We know that in this API, the `surfaceText` param is the natural language data on which the relationship is based. Further, we know that sentences must either begin with `[[color]]` or end with `[[color]]`. So, we request the API for sentences starting and ending with each of the colors under consideration.



In [None]:
import requests

In [None]:
def find_color(query_str, color_freq, colors):
  examples = [] # list of all examples included in our dataset

  for color in colors:
    current_query = query_str.format(color)

    current_obj = requests.get(current_query).json()

    all_current_exs = current_obj['edges']

    for ex in all_current_exs:
      surface_text = ex['surfaceText']

      if surface_text is not None:

        # Sentences appear in the form "[[red]] is a [[color]]"
        surface_text = surface_text.replace('[', '')
        surface_text = surface_text.replace(']', '')

        # Converts the sentence into lower case
        surface_text = surface_text.lower()

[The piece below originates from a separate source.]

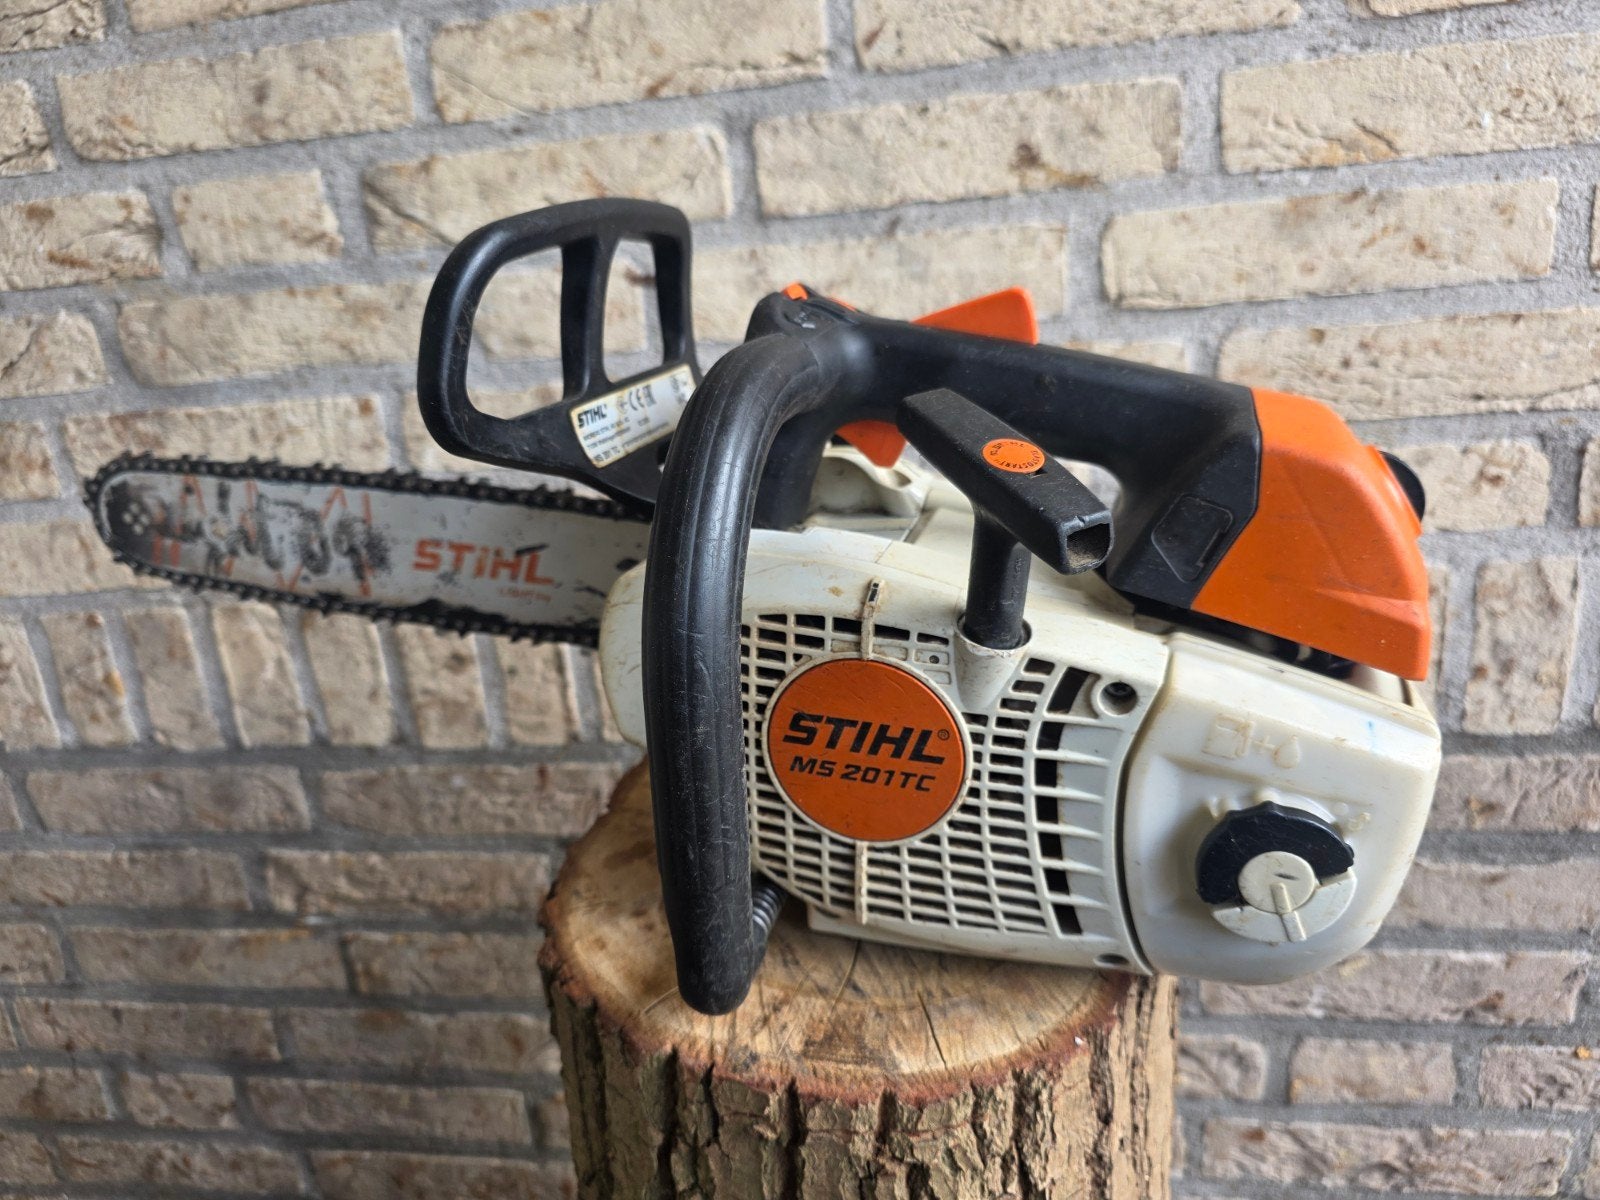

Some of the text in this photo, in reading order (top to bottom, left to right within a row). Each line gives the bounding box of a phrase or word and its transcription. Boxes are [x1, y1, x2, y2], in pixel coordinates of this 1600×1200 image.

[577, 406, 606, 429] STIHL
[412, 537, 555, 586] STIHL
[789, 756, 837, 778] MS
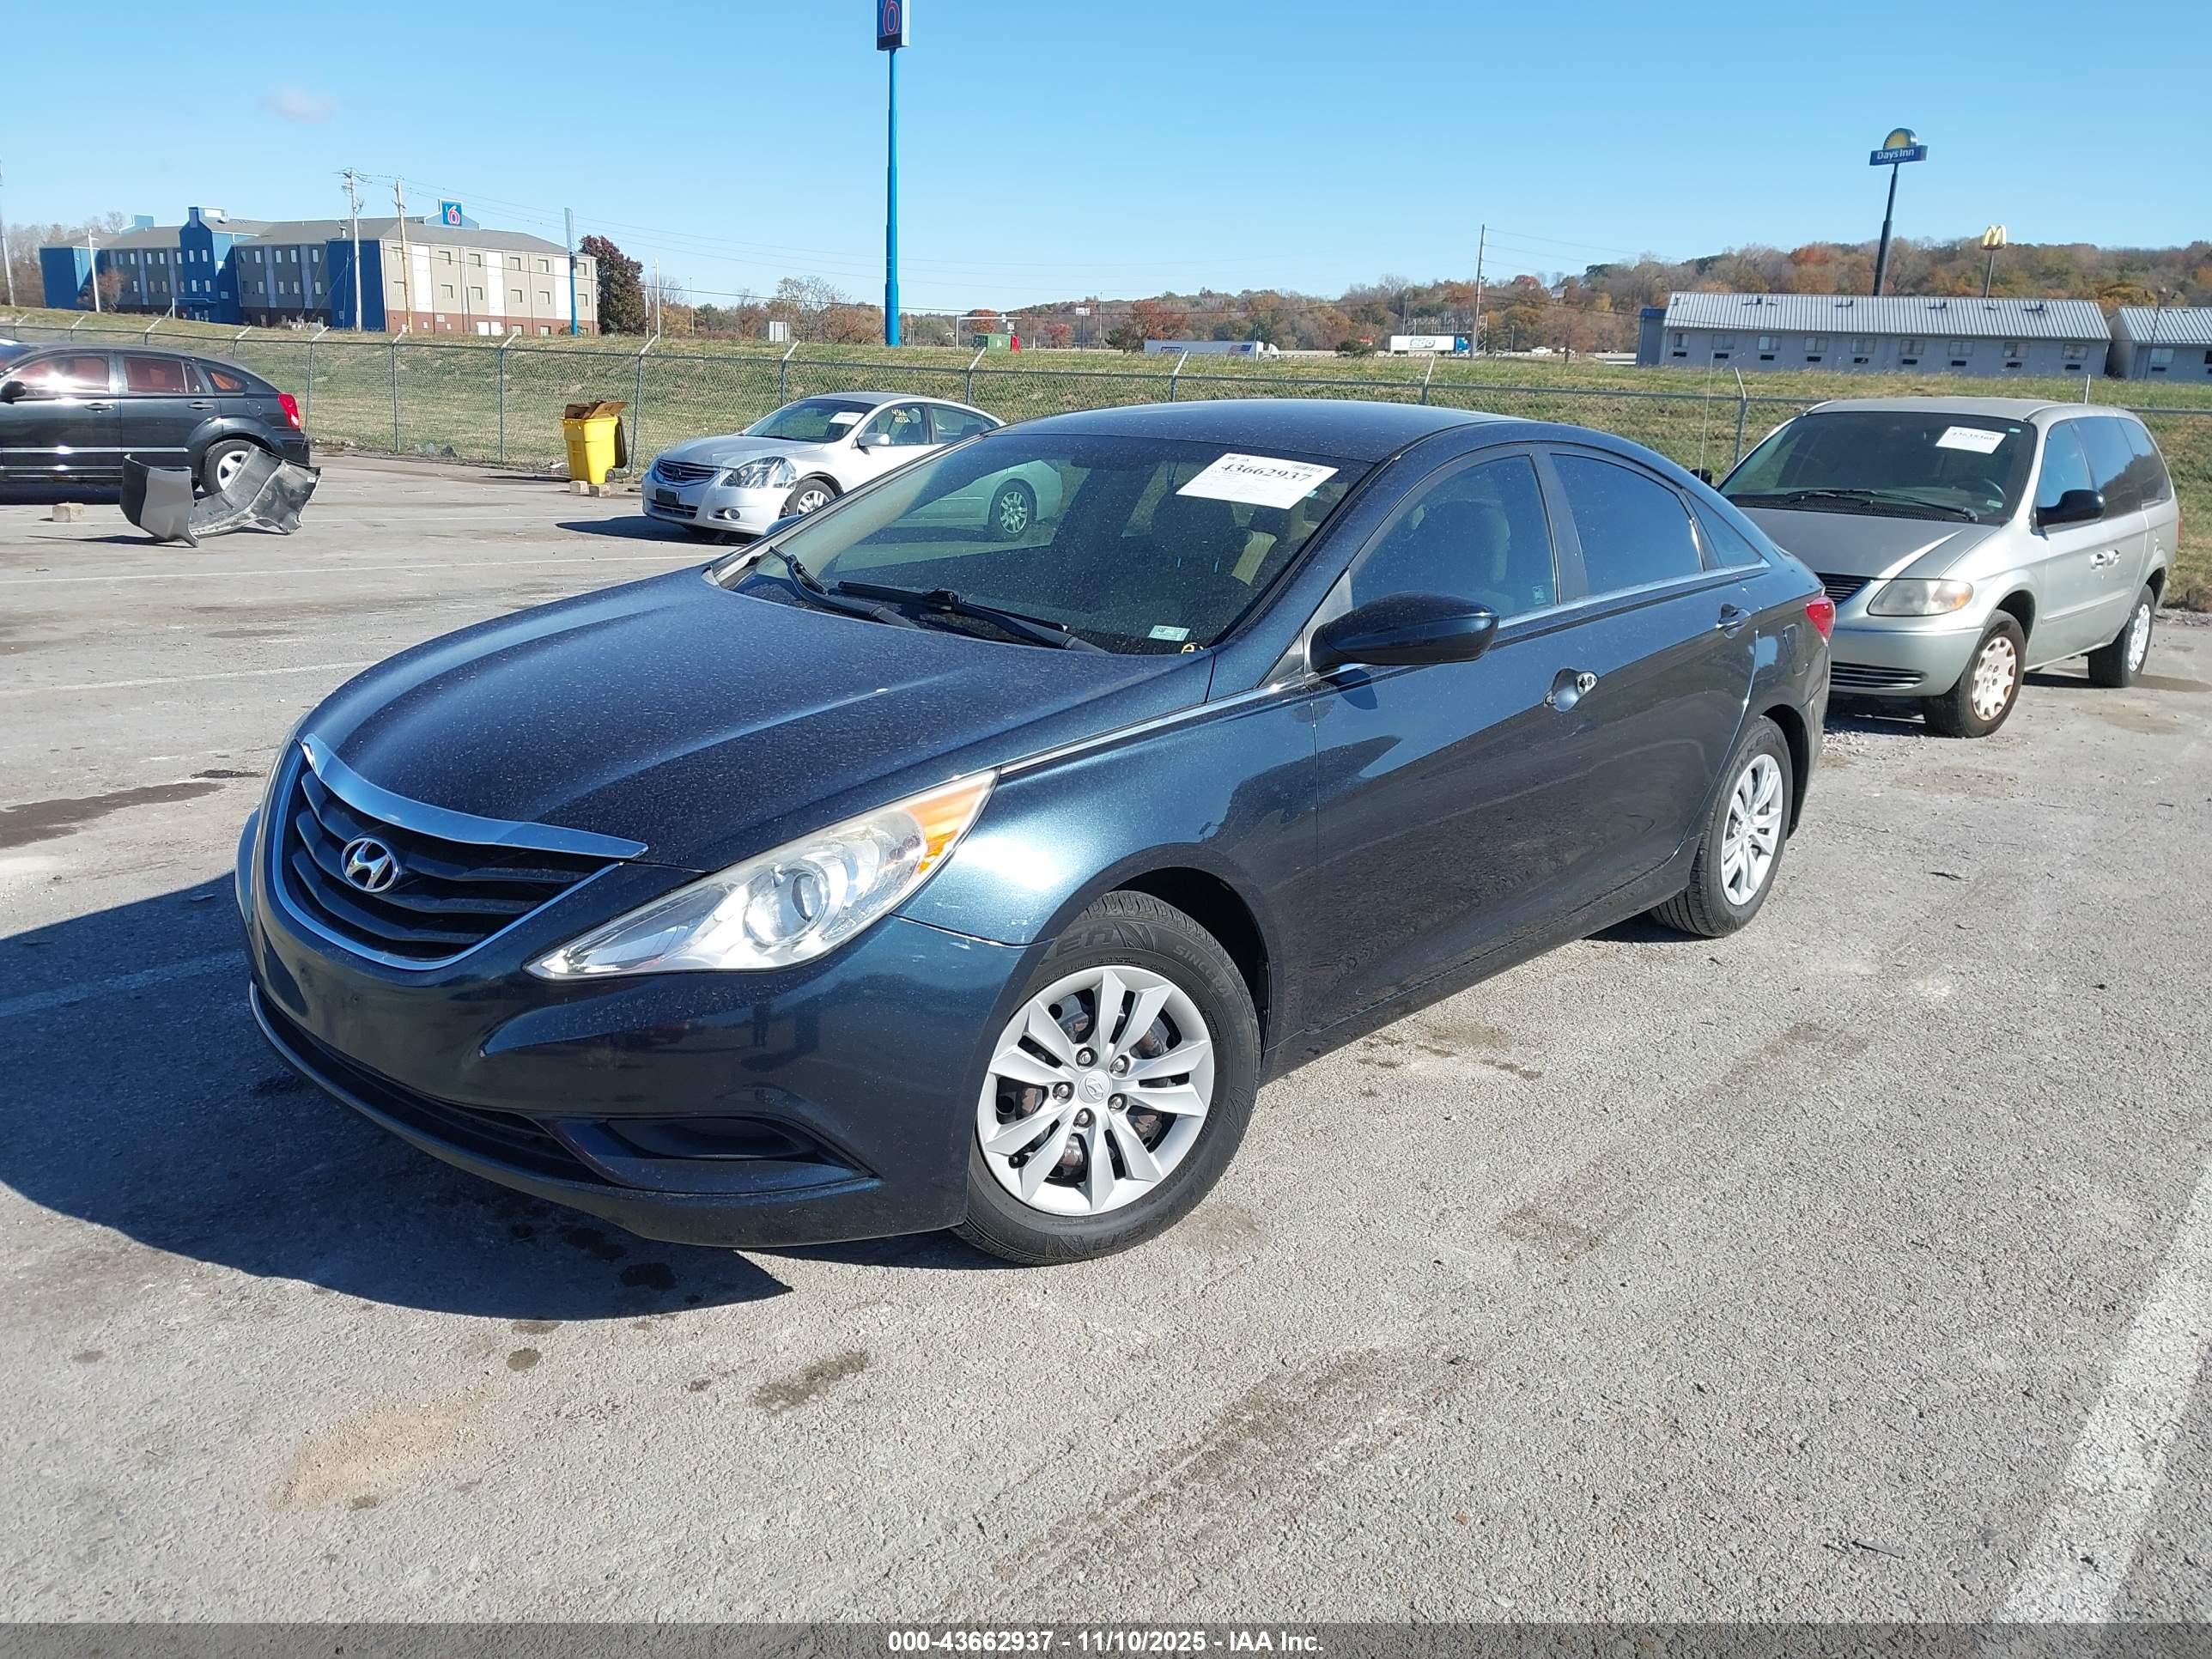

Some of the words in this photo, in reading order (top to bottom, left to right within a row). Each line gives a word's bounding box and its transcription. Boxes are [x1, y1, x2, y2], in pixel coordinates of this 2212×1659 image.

        examples.append(surface_text)

        color_freq[color] += 1

  return examples

In [None]:
# sample URL query for interfacing with the API
# sentences that start with the color
query_str = 'http://api.conceptnet.io/query?start=/c/en/{}&limit=1000'

start_color_freq = color_freq_dict()

start_examples = find_color(query_str, start_color_freq, colors)

In [None]:
print_freq(start_color_freq, colors)

red: 80
blue: 202
yellow: 28
pink: 12
white: 41
black: 69
green: 108
orange: 60
purple: 18
brown: 10


In [None]:
# sample URL query for interfacing with the API
# sentences that end with the color
query_str = 'http://api.conceptnet.io/query?end=/c/en/{}&limit=1000'

end_color_freq = color_freq_dict()

end_examples = find_color(query_str, end_color_freq, colors)

In [None]:
print_freq(end_color_freq, colors)

red: 109
blue: 102
yellow: 105
pink: 99
white: 160
black: 133
green: 195
orange: 144
purple: 67
brown: 129


In [None]:
with open('conceptnet.txt', 'a') as f:
  for ex in start_examples:
    f.write(ex + '\n')

  for ex in end_examples:
    f.write(ex + '\n')

# OMCS Common Sense Dataset

In [None]:
from datasets import load_dataset

In [None]:
from tqdm import tqdm

In [None]:
import nltk
nltk.download('punkt')
from nltk.tokenize import word_tokenize

[nltk_data] Downloading package punkt to /root/nltk_data...
[nltk_data]   Unzipping tokenizers/punkt.zip.


In [None]:
import string

In [None]:
dataset = load_dataset("dutta18/omcs_dataset_of_commonsense_facts")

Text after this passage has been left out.